**PROBLEM DESCRIPTION:** Images are to be skipped; everything else in the records must be repeated exactly.

**RECORDS SHOWN:**

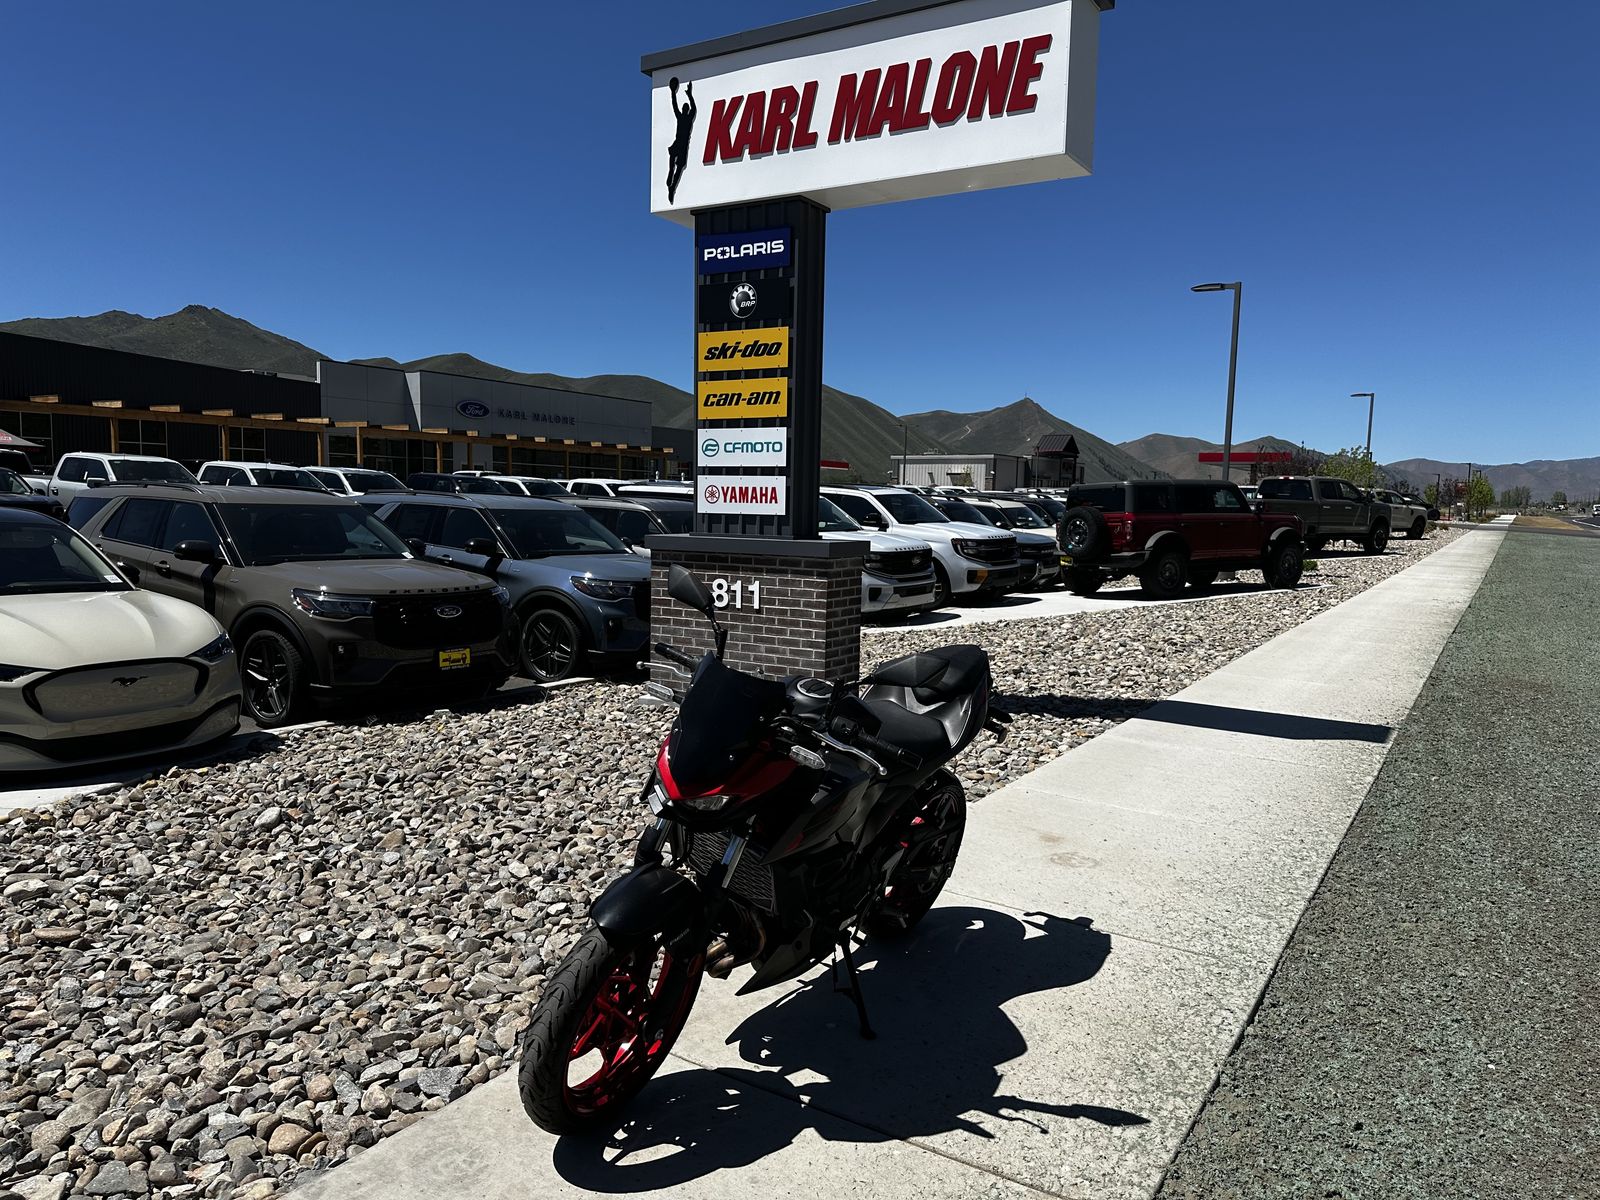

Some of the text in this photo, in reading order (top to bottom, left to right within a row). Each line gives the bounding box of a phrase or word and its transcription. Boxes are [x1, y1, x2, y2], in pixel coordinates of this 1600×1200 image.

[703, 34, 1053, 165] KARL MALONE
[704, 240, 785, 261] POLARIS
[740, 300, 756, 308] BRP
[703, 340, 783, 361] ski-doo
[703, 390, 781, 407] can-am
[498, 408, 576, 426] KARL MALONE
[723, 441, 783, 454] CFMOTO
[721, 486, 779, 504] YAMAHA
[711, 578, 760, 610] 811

**TASK RESPONSE:**
Some of the text in this photo, in reading order (top to bottom, left to right within a row). Each line gives the bounding box of a phrase or word and its transcription. Boxes are [x1, y1, x2, y2], in pixel coordinates of this 1600×1200 image.

[703, 34, 1053, 165] KARL MALONE
[704, 240, 785, 261] POLARIS
[740, 300, 756, 308] BRP
[703, 340, 783, 361] ski-doo
[703, 390, 781, 407] can-am
[498, 408, 576, 426] KARL MALONE
[723, 441, 783, 454] CFMOTO
[721, 486, 779, 504] YAMAHA
[711, 578, 760, 610] 811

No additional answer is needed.